No sabemos cómo será la nueva normalidad, sí sabemos cómo era la antigua normalidad y como ha sido la transición entre normalidades. Durante estas semanas las familias han tenido que cuidar a tiempo completo a familiares con diversas discapacidades, sin descanso. Han sufrido el forzar a sus seres queridos a un encierro repentino, en muchos casos a personas que no entienden qué es eso que les está pasando.
Qué triste ha sido ver que durante esta transición las personas han acusado desde los balcones a padres o madres con su hijo o hija paseando por la calle, más preocupadas en que se cumpliera una norma que no les aplicaba que en el bienestar de estas personas.

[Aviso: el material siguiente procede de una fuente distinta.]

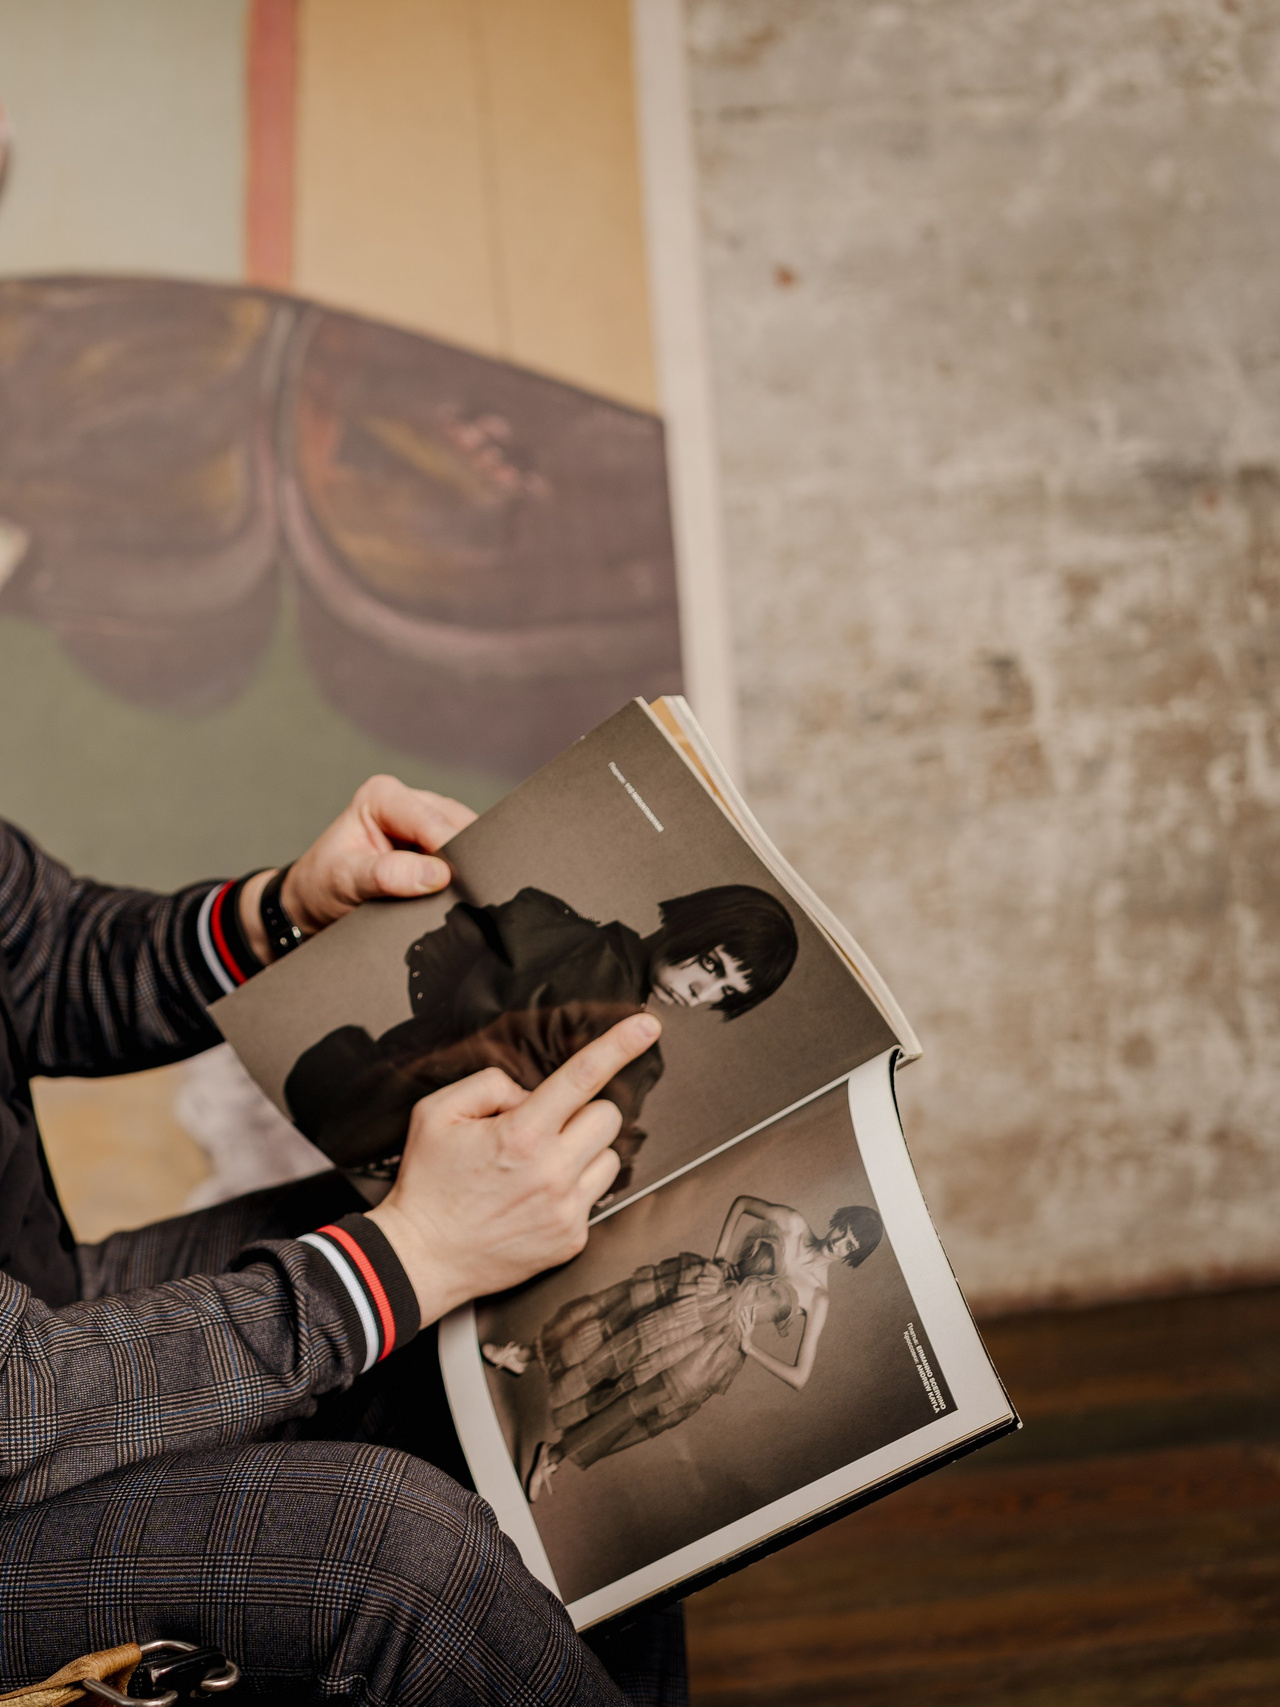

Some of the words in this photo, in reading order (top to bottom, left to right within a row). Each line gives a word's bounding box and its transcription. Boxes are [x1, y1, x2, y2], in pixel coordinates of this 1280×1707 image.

La nueva normalidad debe ser radicalmente distinta a la vieja normalidad, especialmente en cuanto a la mirada y el trato hacia las personas con discapacidad. La nueva normalidad tiene que renunciar a la discriminación por razón de discapacidad en todos los ámbitos de la vida. Tiene que ser una etapa donde veamos a las personas con discapacidad como personas, iguales en derechos e iguales en dignidad. Sin distinción. Debe de ser el momento de no permitir ningún abuso, ninguna risa, ninguna broma respecto a una persona con discapacidad, o sin ella.
La nueva normalidad debe dedicar sus recursos a que las personas con discapacidad puedan tener una vida autónoma plena, desarrollando planes de empleo, de vivienda y residencias, de formación, reforzando los centros escolares y ocupacionales y desarrollar cualquier servicio que haya que inventarse para que desaparezcan todas las barreras. La nueva normalidad debe de estar “diseñada para todas las personas”, física y cognitivamente, pensando en que, consiguiendo el bienestar de cada persona, conseguiremos el bienestar de toda la ciudadanía.
Esta nueva normalidad va a depender del compromiso del Estado y del compromiso de toda la ciudadanía. El compromiso de las empresas, de las universidades, de los sindicatos, de las escuelas, de las fuerzas de seguridad, de la justicia… Todavía tenemos margen, para que durante lo que queda de transición decidamos que la nueva normalidad no se parezca tanto la anterior.